Daden menegaskan, peraturan tersebut tidak hanya berdampak pada buruh, tetapi juga pada seluruh lapisan masyarakat termasuk PNS, TNI, Polri, dan P3K. Oleh karenanya, kata Dadeng, Bupati Sukabumi harus mengambil sikap sebagai kepala pemerintahan daerah.
"Kepala pemerintahan daerah setuju atau tidak begitu, karena bupati pimpinan pemerintahan. Kalau dia setuju maka tunggu saja kita akan geruduk pendopo," katanya.
Ia menyoroti ketidakmampuan banyak buruh untuk memanfaatkan program Tapera karena besarnya potongan yang harus diambil dari upah.
Baca Juga: Pengusaha dan Buruh di Sukabumi Kompak Tolak Iuran Tapera, Ini Sederet Alasannya
"Kalau dipaksakan, sekitar 250 tahun baru bisa beli rumah, padahal usia kerja hanya sampai 55 tahun dan sekarang banyak buruh dengan kontrak pendek," jelas Dadeng.
Selain itu, Dadeng mengkritik sistem tenaga kerja yang semakin memperburuk kondisi buruh. Dengan UU Cipta Kerja, tidak ada lagi karyawan tetap. "Kontrak buruh kini paling lama hanya 3 bulan. Banyak buruh bahkan harus membayar untuk bisa bekerja di pabrik," katanya.
Menurutnya, pemerintah seharusnya fokus pada penyediaan lapangan pekerjaan sebelum memikirkan perumahan. "Pak Jokowi ingin menyediakan perumahan untuk rakyat, jadi sebaiknya pemerintah membangun rumah terlebih dahulu, lalu biarkan rakyat mencicil sesuai kemampuan mereka," ungkapnya.
Dadeng juga menyoroti berbagai potongan dari upah buruh yang sudah cukup membebani, seperti PPH 21 dan iuran BPJS yang mengurangi pendapatan buruh secara signifikan.
"Dari upah yang diterima, sekitar 50% digunakan untuk biaya aktivitas di pabrik, seperti makan dan transportasi.
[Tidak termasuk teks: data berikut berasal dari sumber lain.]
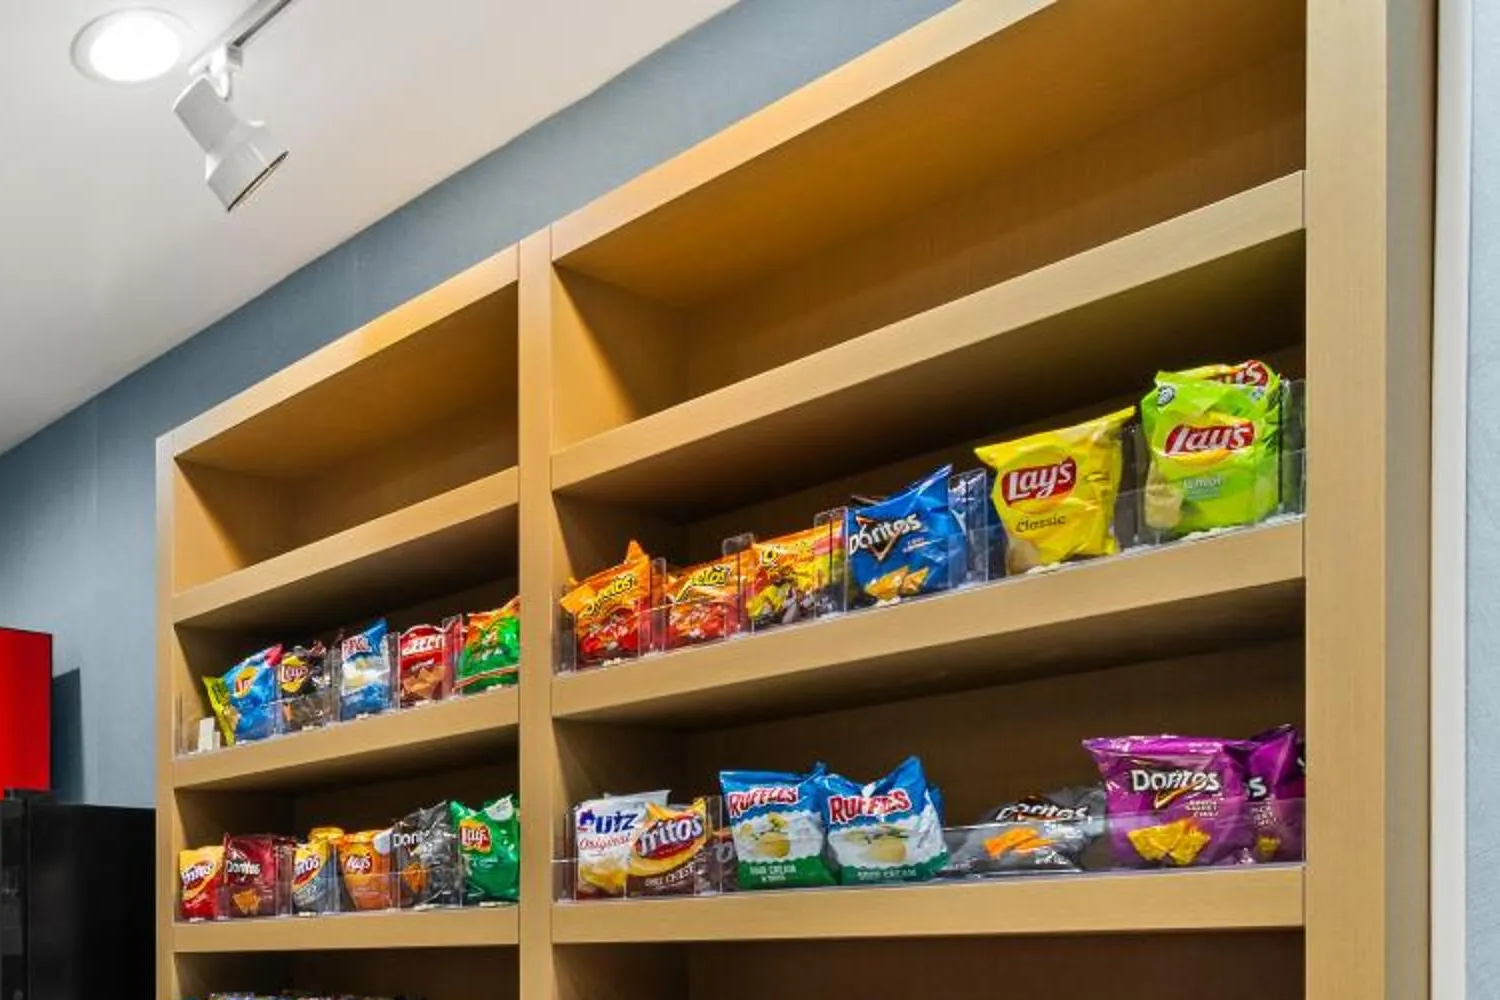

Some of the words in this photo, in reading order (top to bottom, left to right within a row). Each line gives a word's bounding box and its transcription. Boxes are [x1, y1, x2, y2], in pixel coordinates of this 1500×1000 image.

Jadi, penambahan potongan Tapera justru semakin memeras buruh," tegasnya.
Ia juga meragukan manfaat jangka panjang dari Tapera bagi buruh dengan kontrak kerja yang singkat, lantaran melihat kondisi buruh hanya bekerja beberapa bulan
"Apa mereka bisa merasakan manfaatnya? Banyak dana dari program seperti JHT dan jaminan kematian yang tidak jelas ke mana perginya," tutur Dadeng.
Dadeng menyebut, saat ini muncul kecurigaan dari masyarakat bahwa pemerintah menggunakan program seperti Tapera untuk mengumpulkan dana rakyat.
"Mungkin saja pemerintah hanya ingin mengambil uang rakyat untuk digunakan sendiri. Kalau untuk membangun negara sih masih mending, tapi kalau dikorupsi atau untuk bayar hutang, itu sangat merugikan," pungkasnya.